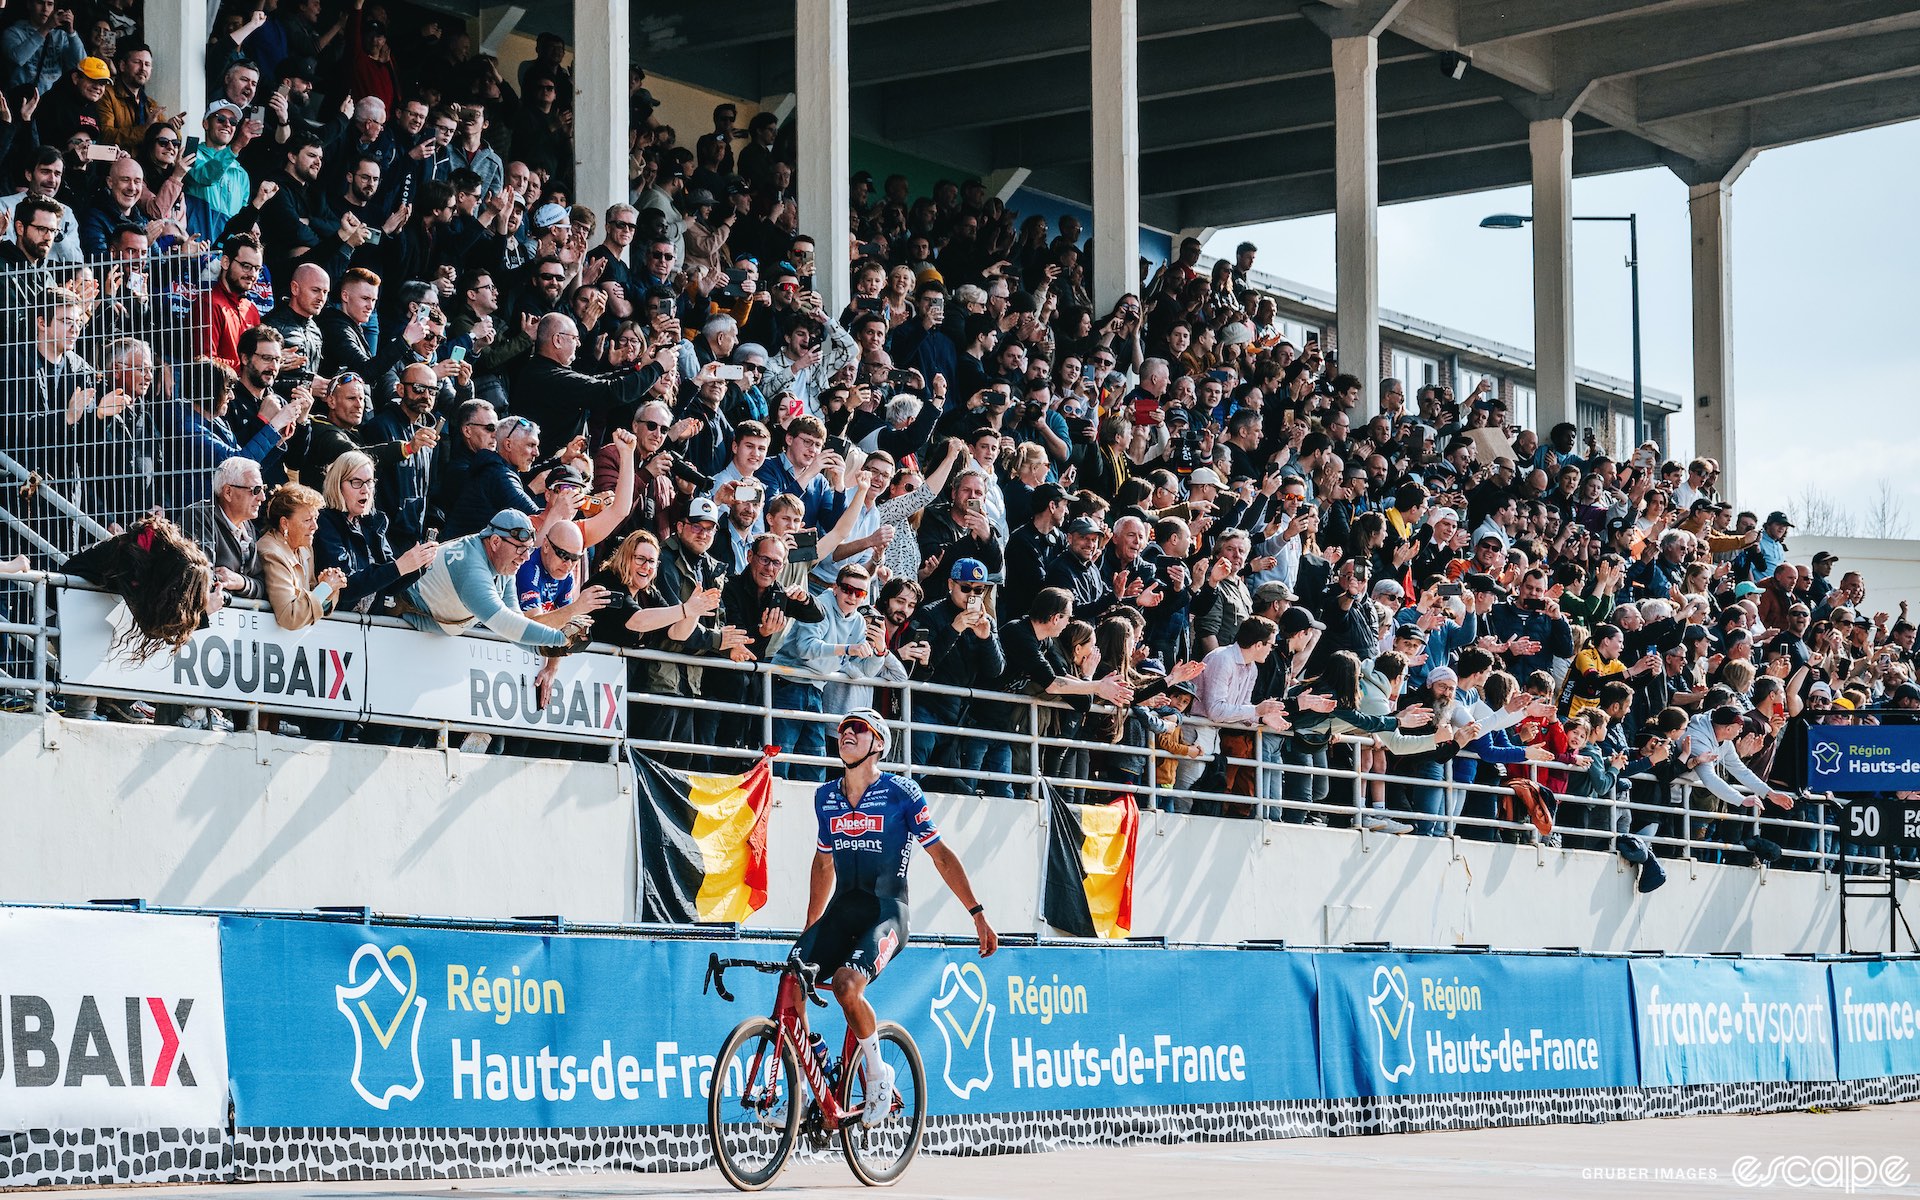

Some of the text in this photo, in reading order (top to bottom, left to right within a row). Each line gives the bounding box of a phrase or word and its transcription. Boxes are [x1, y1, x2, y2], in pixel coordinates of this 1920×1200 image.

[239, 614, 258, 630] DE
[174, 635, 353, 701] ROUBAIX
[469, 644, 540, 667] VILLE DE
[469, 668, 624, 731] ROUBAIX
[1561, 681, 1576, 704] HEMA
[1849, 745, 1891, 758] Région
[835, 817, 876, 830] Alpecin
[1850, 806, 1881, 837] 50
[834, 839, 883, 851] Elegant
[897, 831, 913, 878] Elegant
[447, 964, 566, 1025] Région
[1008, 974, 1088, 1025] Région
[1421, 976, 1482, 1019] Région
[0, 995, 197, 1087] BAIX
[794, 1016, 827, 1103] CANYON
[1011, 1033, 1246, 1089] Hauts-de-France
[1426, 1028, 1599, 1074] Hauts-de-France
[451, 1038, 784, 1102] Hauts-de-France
####################
Return all the data exactly, pictures omitted.

Some of the text in this photo, in reading order (top to bottom, left to right within a row). Each line gives the bounding box of a phrase or word and its transcription. Boxes are [x1, y1, x2, y2], in pixel coordinates of this 1920×1200 image.

[239, 614, 258, 630] DE
[174, 635, 353, 701] ROUBAIX
[469, 644, 540, 667] VILLE DE
[469, 668, 624, 731] ROUBAIX
[1561, 681, 1576, 704] HEMA
[1849, 745, 1891, 758] Région
[835, 817, 876, 830] Alpecin
[1850, 806, 1881, 837] 50
[834, 839, 883, 851] Elegant
[897, 831, 913, 878] Elegant
[447, 964, 566, 1025] Région
[1008, 974, 1088, 1025] Région
[1421, 976, 1482, 1019] Région
[0, 995, 197, 1087] BAIX
[794, 1016, 827, 1103] CANYON
[1011, 1033, 1246, 1089] Hauts-de-France
[1426, 1028, 1599, 1074] Hauts-de-France
[451, 1038, 784, 1102] Hauts-de-France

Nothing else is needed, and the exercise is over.